Image-backed grounding data
↓

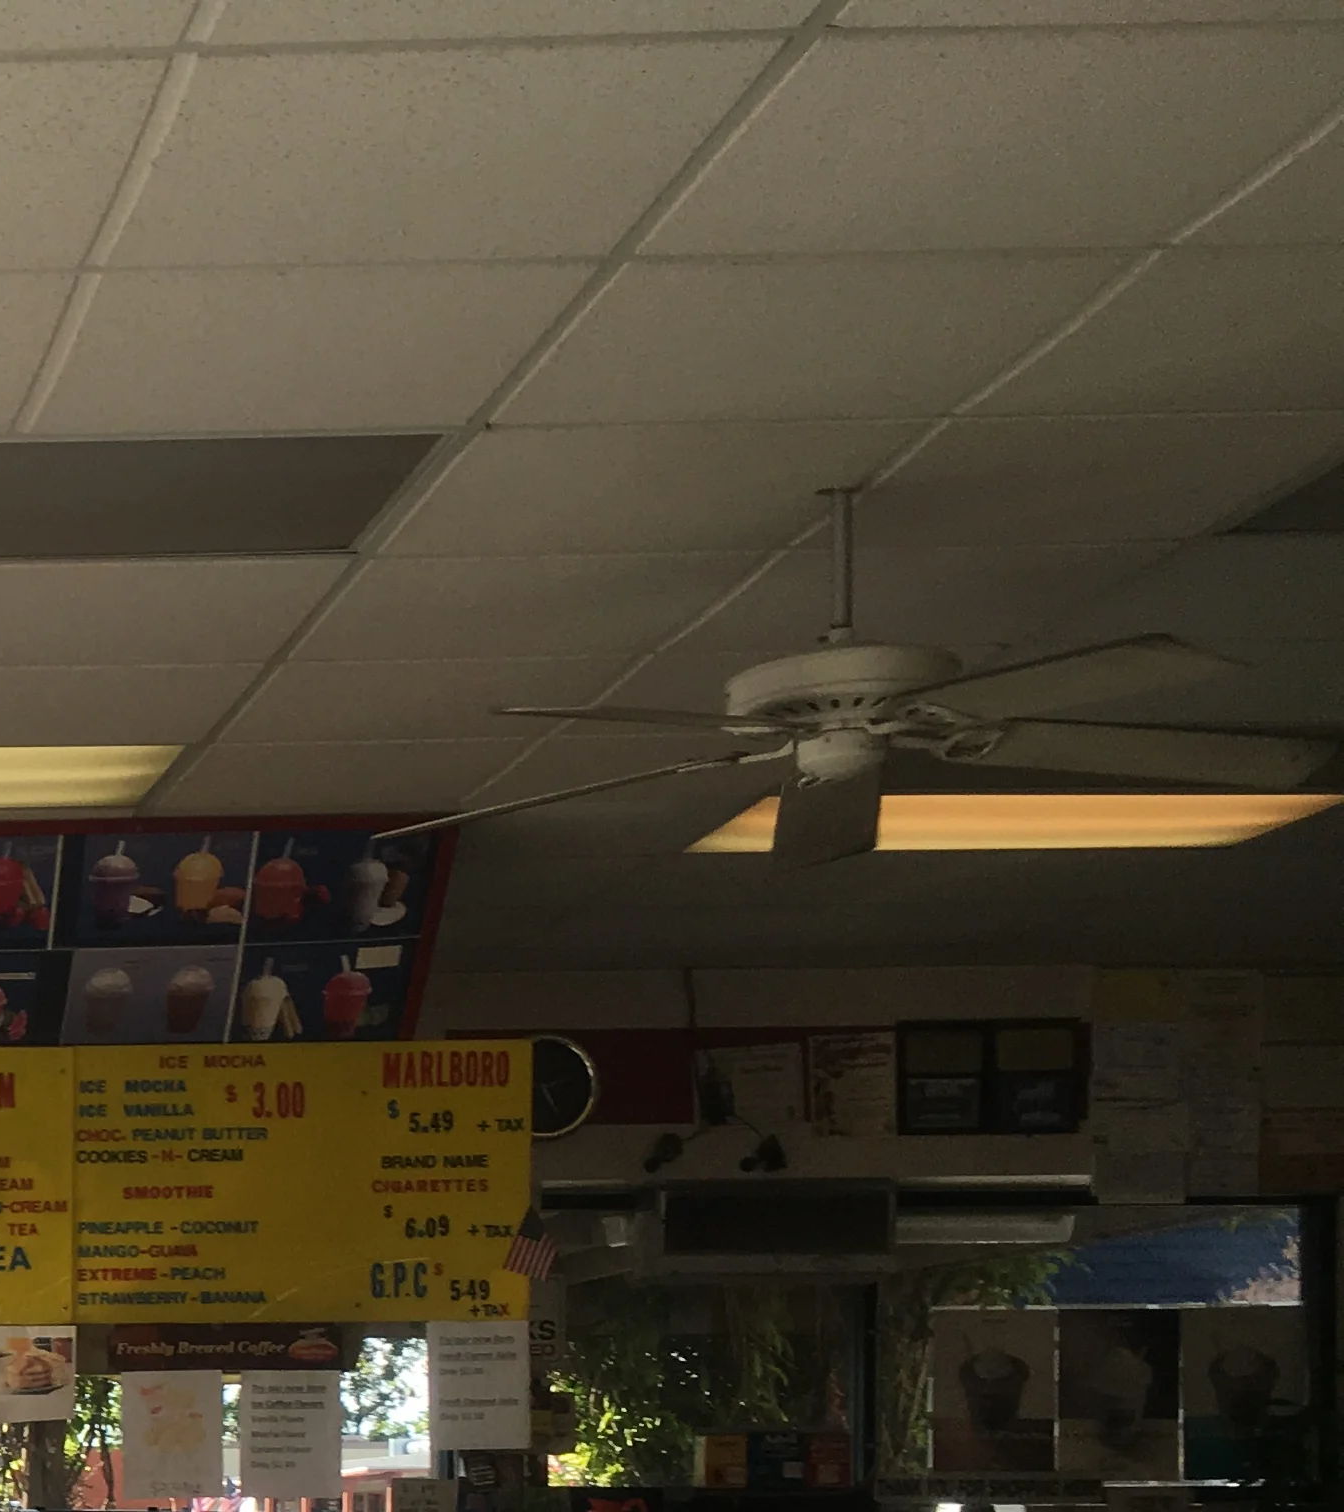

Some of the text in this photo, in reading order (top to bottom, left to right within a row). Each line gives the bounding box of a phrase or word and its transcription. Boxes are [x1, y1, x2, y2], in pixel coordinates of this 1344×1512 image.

[159, 1054, 267, 1069] ICE MOCHA
[382, 1051, 510, 1088] MARLBORO
[78, 1079, 187, 1094] ICE MOCHA
[251, 1081, 306, 1118] 3.00
[77, 1103, 194, 1118] ICE VANILLA
[408, 1111, 454, 1135] 5.49
[495, 1118, 525, 1133] TAX
[132, 1127, 197, 1142] PEANUT
[202, 1126, 268, 1141] BUTTER
[77, 1149, 148, 1164] COOKIES
[187, 1148, 244, 1163] CREAM
[381, 1154, 490, 1169] BRAND NAME
[123, 1184, 214, 1200] SMOOTHIE
[372, 1179, 490, 1194] CIGARETTES
[7, 1223, 39, 1237] TEA
[77, 1220, 164, 1235] PINEAPPLE
[405, 1215, 450, 1239] 6.09
[484, 1223, 513, 1238] TAX
[116, 1340, 286, 1357] Freshly Brewed Coffee

↑

__Brief__. Retype the records verbatim, but not their images.

__Response to the task__.
Some of the text in this photo, in reading order (top to bottom, left to right within a row). Each line gives the bounding box of a phrase or word and its transcription. Boxes are [x1, y1, x2, y2], in pixel coordinates of this 1344×1512 image.

[159, 1054, 267, 1069] ICE MOCHA
[382, 1051, 510, 1088] MARLBORO
[78, 1079, 187, 1094] ICE MOCHA
[251, 1081, 306, 1118] 3.00
[77, 1103, 194, 1118] ICE VANILLA
[408, 1111, 454, 1135] 5.49
[495, 1118, 525, 1133] TAX
[132, 1127, 197, 1142] PEANUT
[202, 1126, 268, 1141] BUTTER
[77, 1149, 148, 1164] COOKIES
[187, 1148, 244, 1163] CREAM
[381, 1154, 490, 1169] BRAND NAME
[123, 1184, 214, 1200] SMOOTHIE
[372, 1179, 490, 1194] CIGARETTES
[7, 1223, 39, 1237] TEA
[77, 1220, 164, 1235] PINEAPPLE
[405, 1215, 450, 1239] 6.09
[484, 1223, 513, 1238] TAX
[116, 1340, 286, 1357] Freshly Brewed Coffee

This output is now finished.